Brief: Every record must appear in your copy exactly as written, with no pictures.

Top of Data records

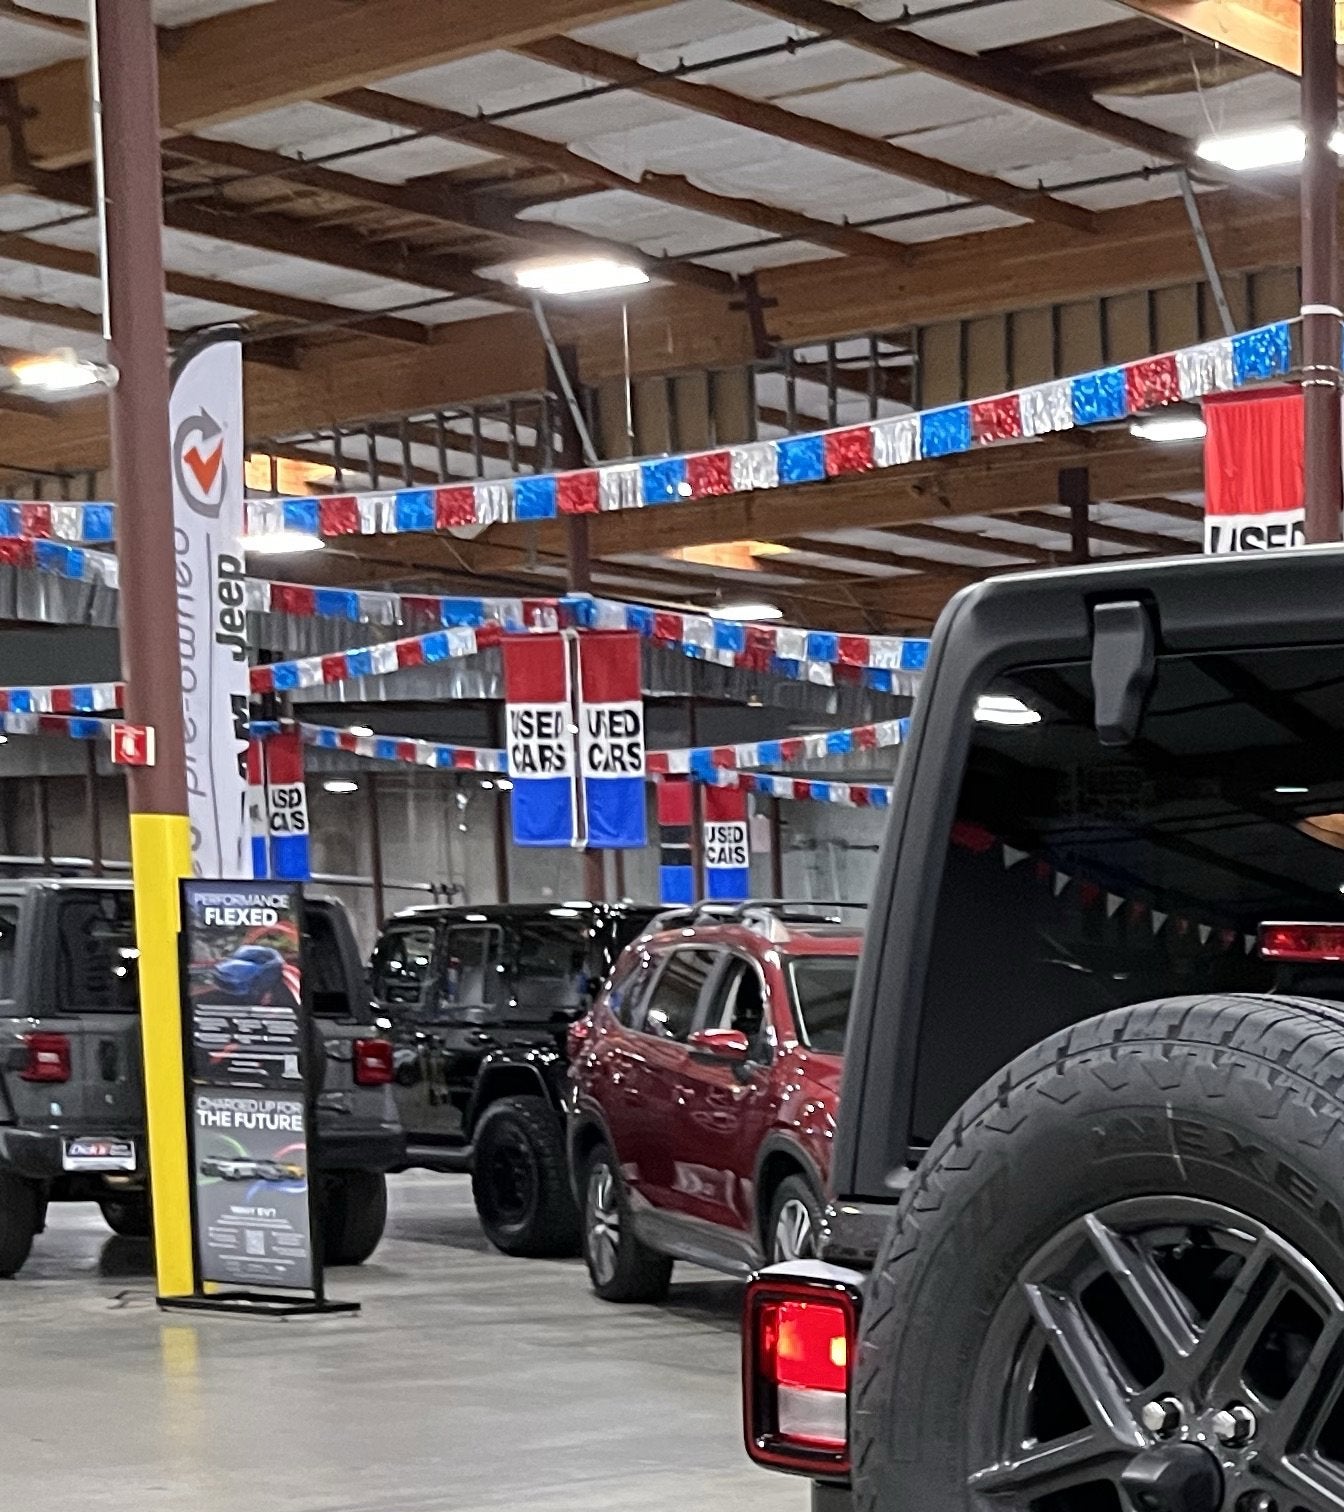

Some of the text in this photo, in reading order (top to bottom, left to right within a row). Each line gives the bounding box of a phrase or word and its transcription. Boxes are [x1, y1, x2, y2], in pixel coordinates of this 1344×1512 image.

[1210, 524, 1305, 554] USE
[216, 553, 246, 662] Jeep
[512, 743, 567, 773] CARS
[272, 788, 302, 808] USD
[270, 811, 306, 832] CAS
[204, 907, 279, 926] FLEXED
[259, 1100, 276, 1113] UP
[277, 1101, 304, 1114] FOR
[197, 1110, 305, 1131] THE FUTURE
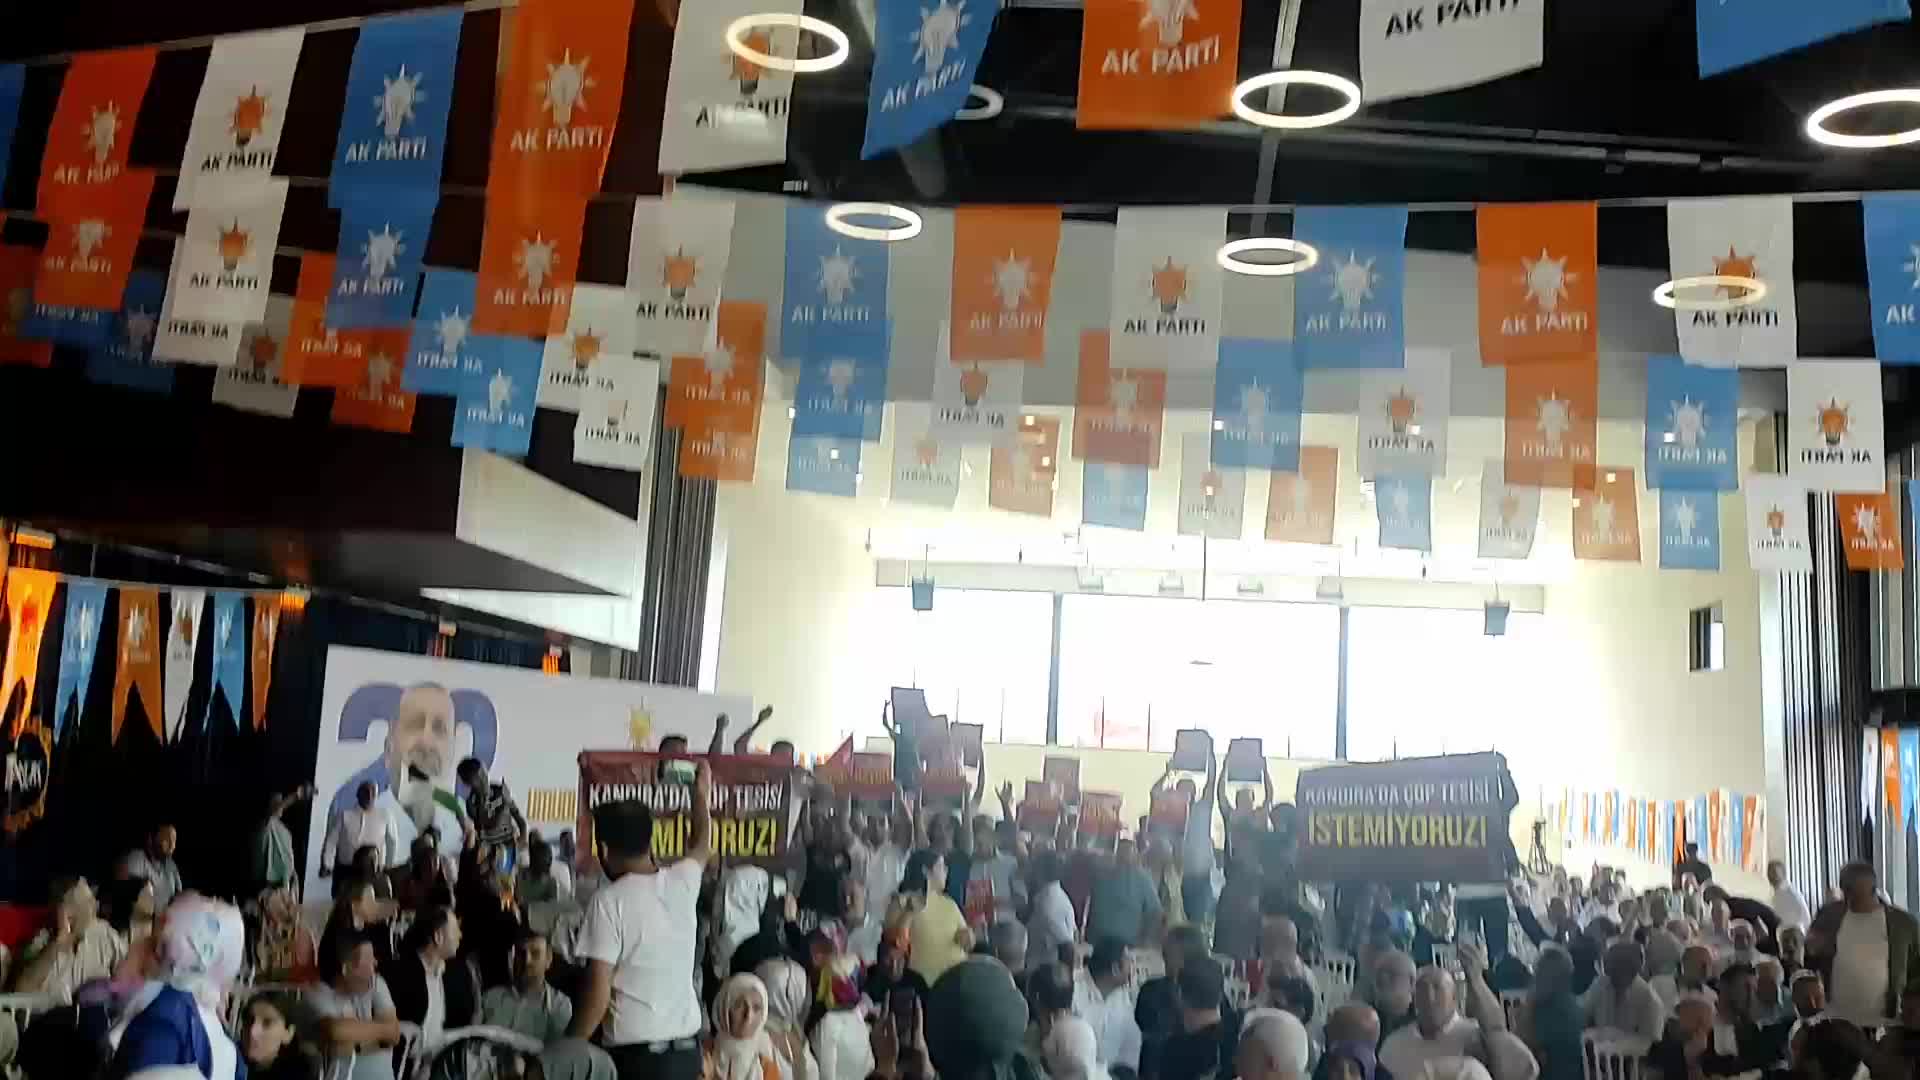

Bottom of Data records

Solution to the problem:
Some of the text in this photo, in reading order (top to bottom, left to right within a row). Each line gives the bounding box of a phrase or word and its transcription. Boxes are [x1, y1, x2, y2], in pixel coordinates of this 1344×1512 image.

[1210, 524, 1305, 554] USE
[216, 553, 246, 662] Jeep
[512, 743, 567, 773] CARS
[272, 788, 302, 808] USD
[270, 811, 306, 832] CAS
[204, 907, 279, 926] FLEXED
[259, 1100, 276, 1113] UP
[277, 1101, 304, 1114] FOR
[197, 1110, 305, 1131] THE FUTURE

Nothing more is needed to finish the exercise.